CHRIST IN WINTER:
Reflections on Faith & Life for the Years of Winter-Mothers Day Edition
HELPING BY NOT HELPING [Su, 5-10-20]
In thinking back through
my years, to come to “final integrity” instead of “despair,” what Erik Erikson
said is the task of old age, it has been useful to divide my life into four
score [20 year period].
The first score I call
“the learning years.” That’s fairly obvious. The second score is “the adult
years,” getting established in family and job. Third is “the mature years,” when
we share what we have built up, and fourth is “the grand years,” which for me
mainly means grandchildren, but can also be grand because we have more time for
our own interests. It’s harvest time.
Since I am into my fifth score, although I am
not yet at the “four score and seven” of Lincoln’s Gettysburg Address, Helen
asked me what I am going to name these years from 80 to 100. I didn’t have any
ideas, so she suggested “the wisdom years.”
I like that. I hope it is
true. But I recall that Augustine said that the so-called innocence of children
is more a matter of weakness of limb than purity of heart. I have always felt
the parallel of that in old age is that the so-called wisdom of age is more a
matter of decline of brain than clarity of vision.
In her later years, we
became friends with Mary McDermott Shideler, the theologian. She read an
article I wrote for “The Christian Century,” and responded to it. We struck up
a correspondence friendship, and later, when I was speaking at a cancer
conference in Denver, we got to drive up the mountain to her home near Boulder.

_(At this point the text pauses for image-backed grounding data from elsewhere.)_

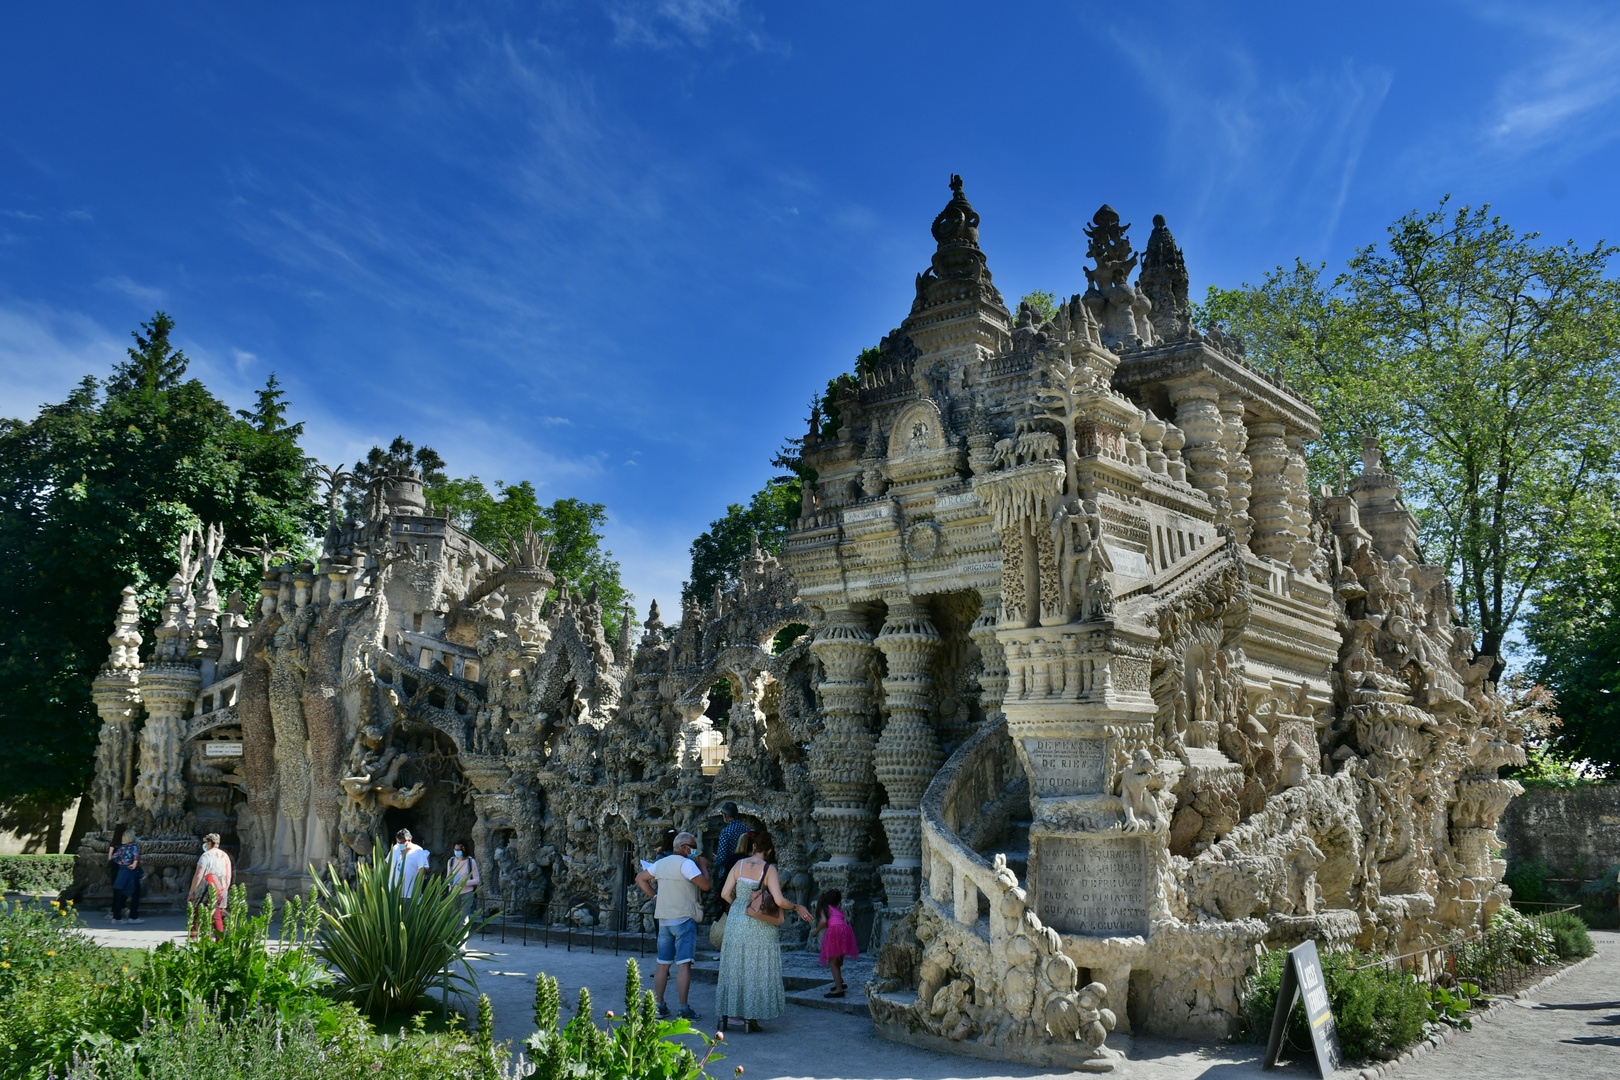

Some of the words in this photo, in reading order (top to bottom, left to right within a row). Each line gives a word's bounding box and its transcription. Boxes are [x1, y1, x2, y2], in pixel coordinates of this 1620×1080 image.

[962, 562, 998, 572] ORIGINAL
[1037, 741, 1092, 750] DEFENSE
[1042, 759, 1056, 768] DE
[1061, 760, 1087, 768] RIEN
[1037, 777, 1094, 787] TOUCHER
[1052, 849, 1084, 857] MILLE
[1056, 864, 1090, 873] MILLE
[1057, 878, 1075, 887] ANS
[1044, 891, 1069, 900] PLUS
[1082, 894, 1142, 903] OPINIATRE
[1044, 905, 1063, 915] QUE
[1067, 907, 1087, 916] MOI
[1096, 908, 1107, 917] SE
[1111, 908, 1146, 917] METTE
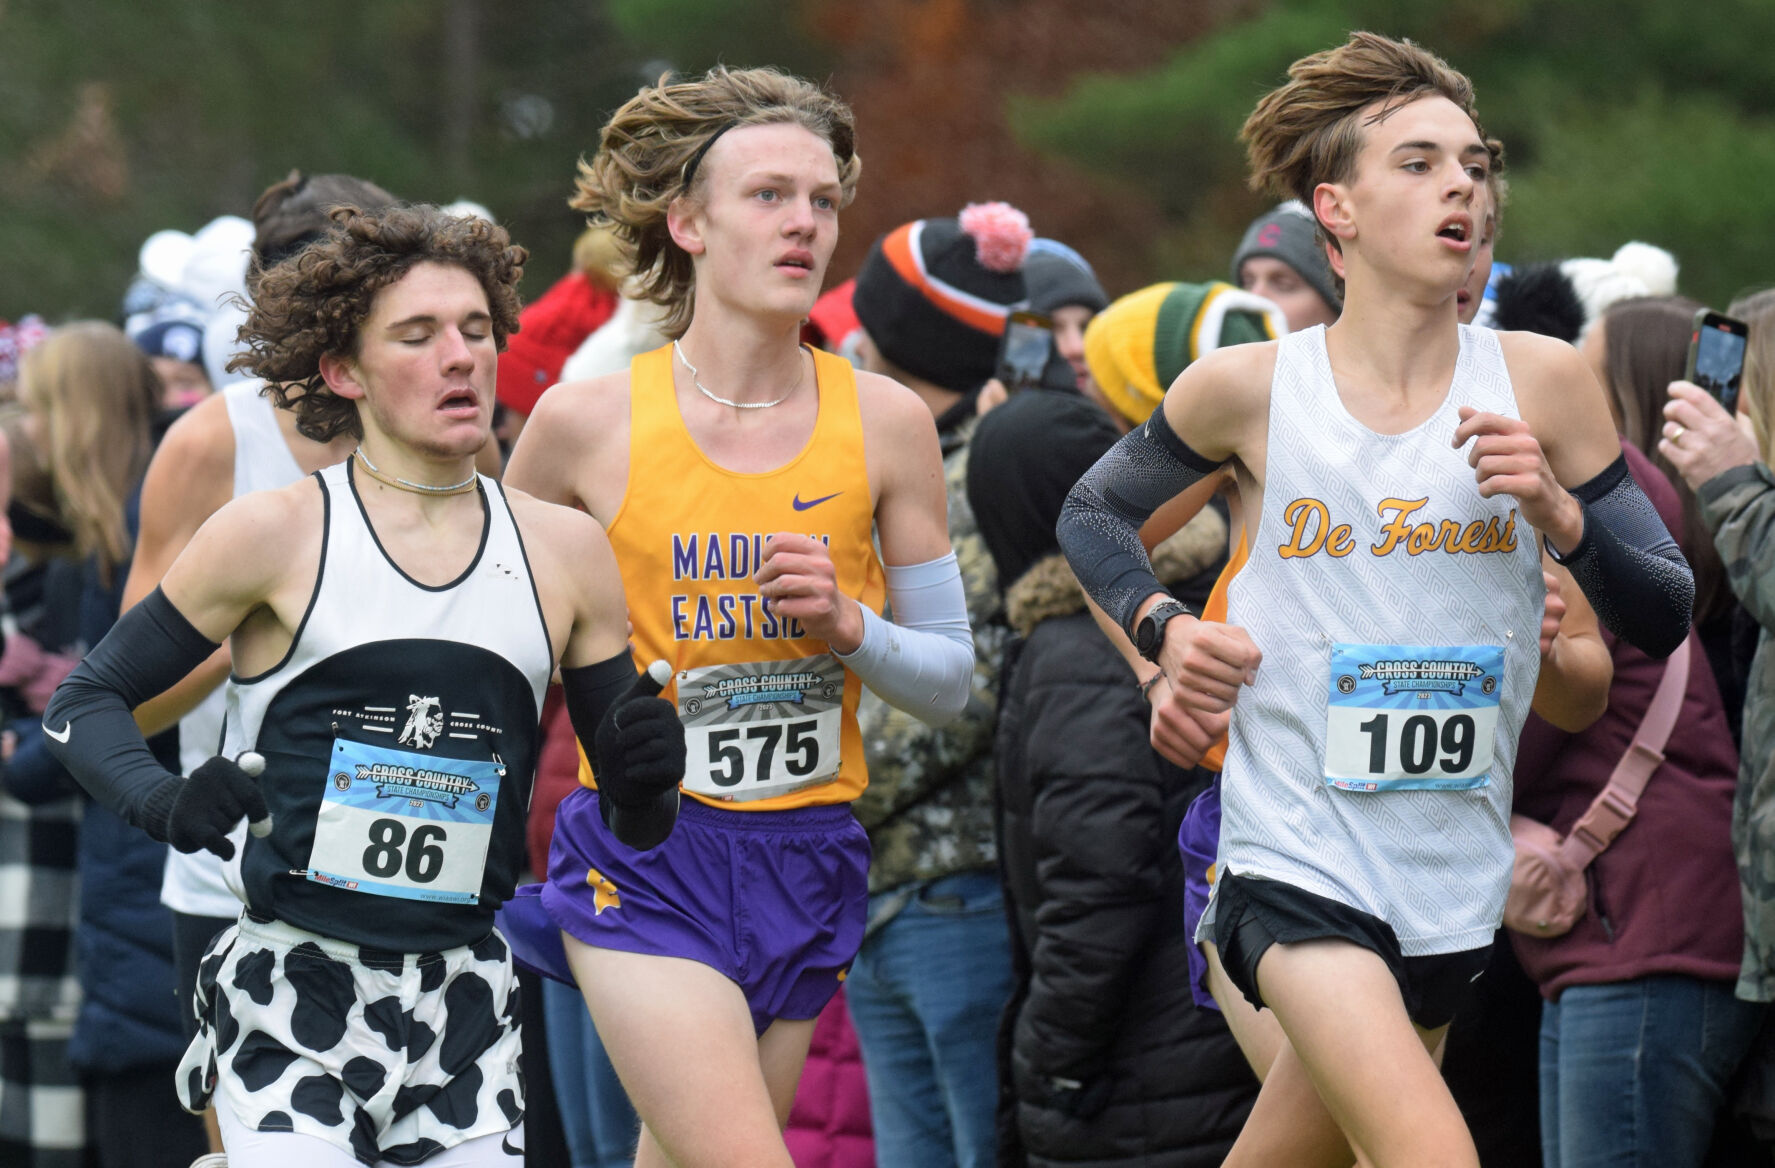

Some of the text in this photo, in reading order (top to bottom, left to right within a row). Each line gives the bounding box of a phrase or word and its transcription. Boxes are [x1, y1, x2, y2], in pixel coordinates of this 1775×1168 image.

Well, we didn’t do the driving. Cancer friend and mentor Lynn Ringer did the
driving, since she lived there and knew how to drive the mountains.
The four of us had a great
afternoon, playing with the Great Pyrenees dogs for which Mary was a rehab
rescuer, and talking theology and mystery books, and telling stories.
One of Mary’s stories was
about a little boy who was born without arms. One day when he was about two, a
friend was visiting his mother. The little boy was trying so hard to put on a
t-shirt. Can you imagine trying to put on a t-shirt without arms? He struggled
and struggled, without success. Finally, the friend said to his mother, in
exasperation, “Why don’t you help him?” With tears in her eyes, the mother
replied, “I AM helping him.”
She knew that she would
not always be there to help, that he had to learn to live without arms in an
armed world, and that he had to do that for himself.
Old people, in our wisdom
years, need to remember that often we help those who are younger not by helping
but just by being there as they learn.